Help wanted
Our speaker, Jan, agreed with seminar attendees that there is need for a Highway tutorial. And he is happy to help! Would you like to join Jan and other Fastcoders in creating a Highway tutorial? Please let us know.
Abstract
Modern CPUs offer significant speedups through Single Instruction, Multiple Data (SIMD), but accessing this performance often implies a difficult choice: rely on unpredictable compiler auto-vectorization, or hand-write intrinsics for each CPU.
Based on a series of workshops for Google engineers, this talk introduces a better alternative: Highway. This open-source C++ library allows you to write SIMD code once and efficiently target Arm, LoongArch, POWER, RISC-V, WASM, x86, and IBM Z.

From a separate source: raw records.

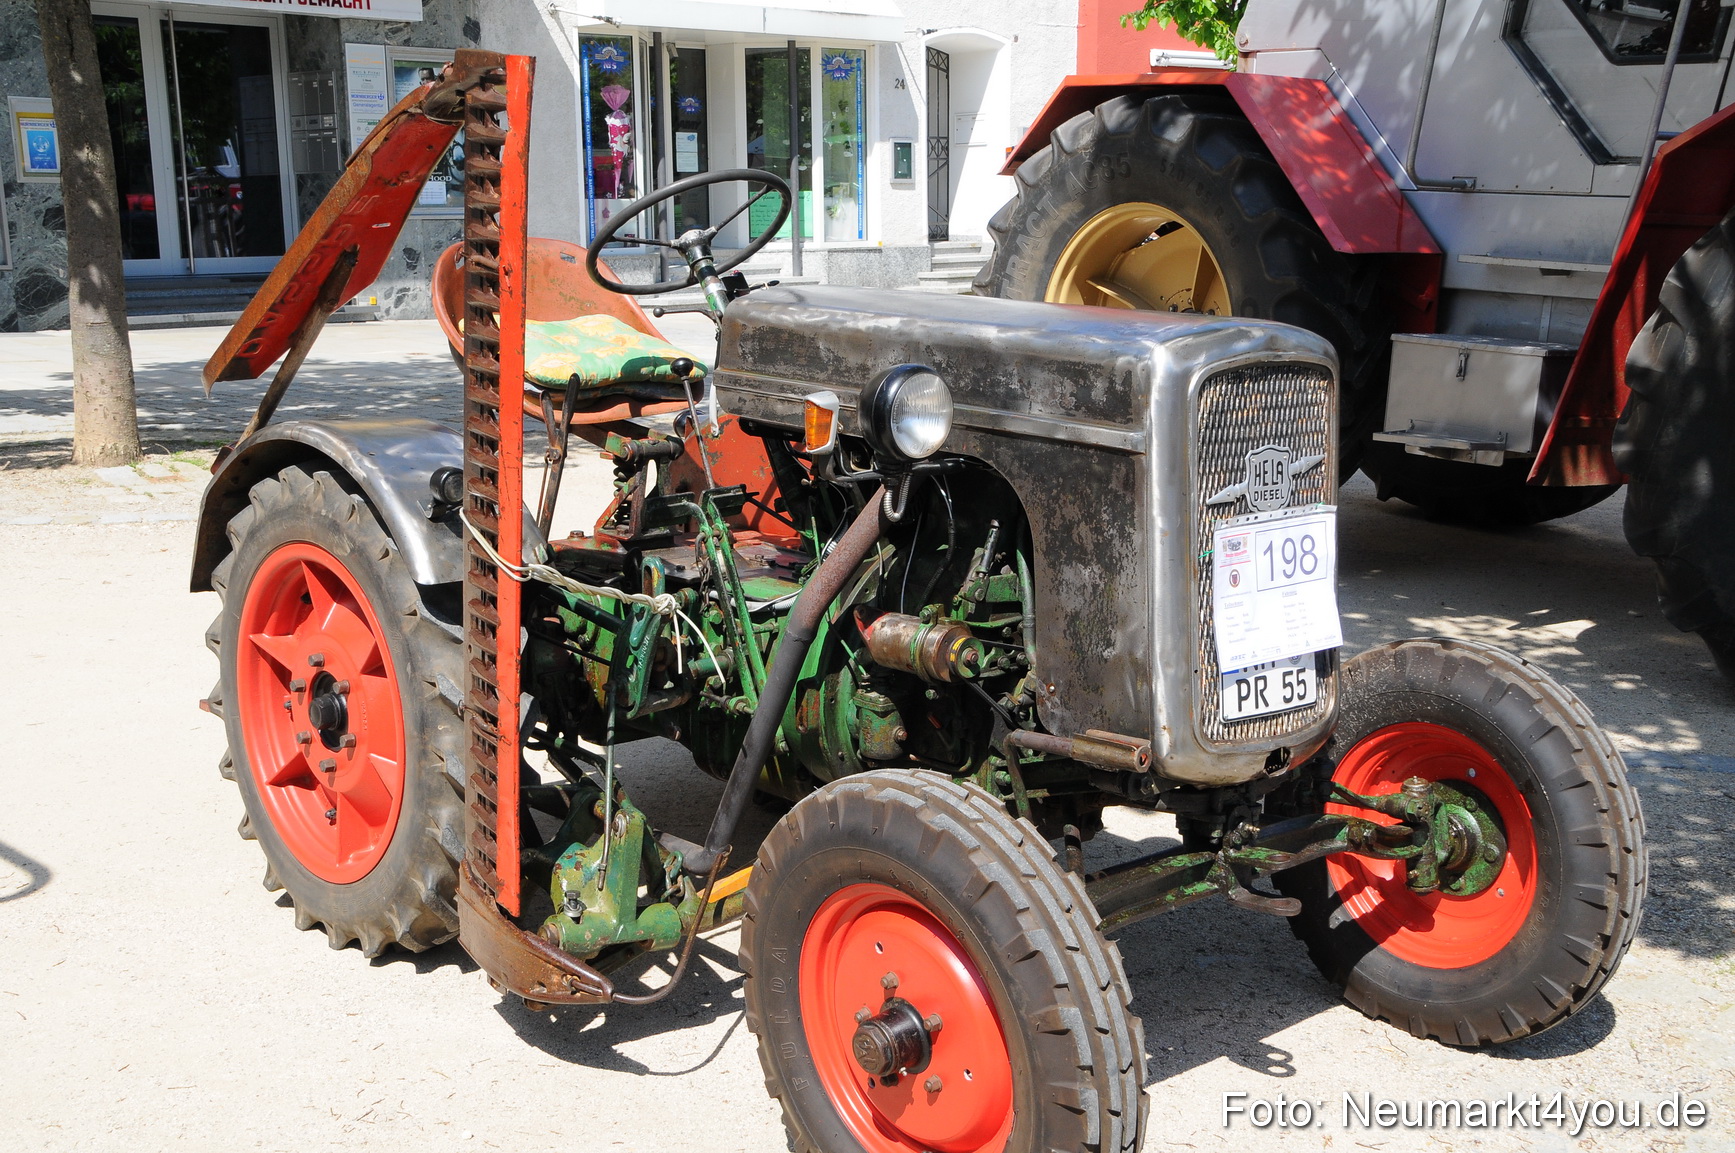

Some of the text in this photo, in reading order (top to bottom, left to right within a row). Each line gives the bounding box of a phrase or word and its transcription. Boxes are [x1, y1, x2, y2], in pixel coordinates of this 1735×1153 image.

[894, 78, 906, 90] 24
[1254, 459, 1284, 487] HELA
[1253, 489, 1285, 502] DIESEL
[1263, 534, 1318, 582] 198
[1235, 667, 1307, 713] PR 55
[770, 946, 810, 1092] FULDA

We will cover the fundamentals of vectorization and discuss real-world use cases, including LLM inference (gemma.cpp) and image processing. The session provides a practical guide on porting standard C++ loops to portable and type-safe vector code. Going deeper, we demonstrate how to handle loop remainders and variable-length vectors, and how to implement runtime dispatch for selecting the best available instructions.

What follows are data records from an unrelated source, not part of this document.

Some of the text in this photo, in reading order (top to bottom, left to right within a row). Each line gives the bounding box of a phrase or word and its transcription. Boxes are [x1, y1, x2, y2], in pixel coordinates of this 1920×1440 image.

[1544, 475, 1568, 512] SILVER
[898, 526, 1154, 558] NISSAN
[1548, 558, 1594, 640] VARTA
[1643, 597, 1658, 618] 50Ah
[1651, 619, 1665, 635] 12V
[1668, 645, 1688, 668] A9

This enables you to unlock hardware performance while keeping your codebase maintainable.
Recording
https://mit.zoom.us/rec/share/u6EEZro-j813-Fj5Pk4zVh7VtJCsV8JiPNDR85OpB1WULihPYu57VpmnZ5pqjlsp.6GqcWnvS26x8NodS
Bio
Jan Wassenberg is a Senior Staff Software Engineer at Google DeepMind in Zürich, where he develops infrastructure for high-performance software.
With a PhD in efficient algorithms and over 20 years of focus on SIMD, Jan bridges the gap between raw hardware capabilities and software usability.
He is the main author of Highway, the open-source C++ library that helps numerous projects efficiently target six CPU families with much less toil. Its users include Chromium, NumPy, ScaNN, TensorFlow, and V8.
Jan is currently tech lead of gemma.cpp (open-source LLM inference). His previous work includes optimizing the JPEG XL image codec (also co-chairing its standardization), devising the fastest known vectorized quicksort (vqsort), and designing Randen, Google’s default secure random number generator..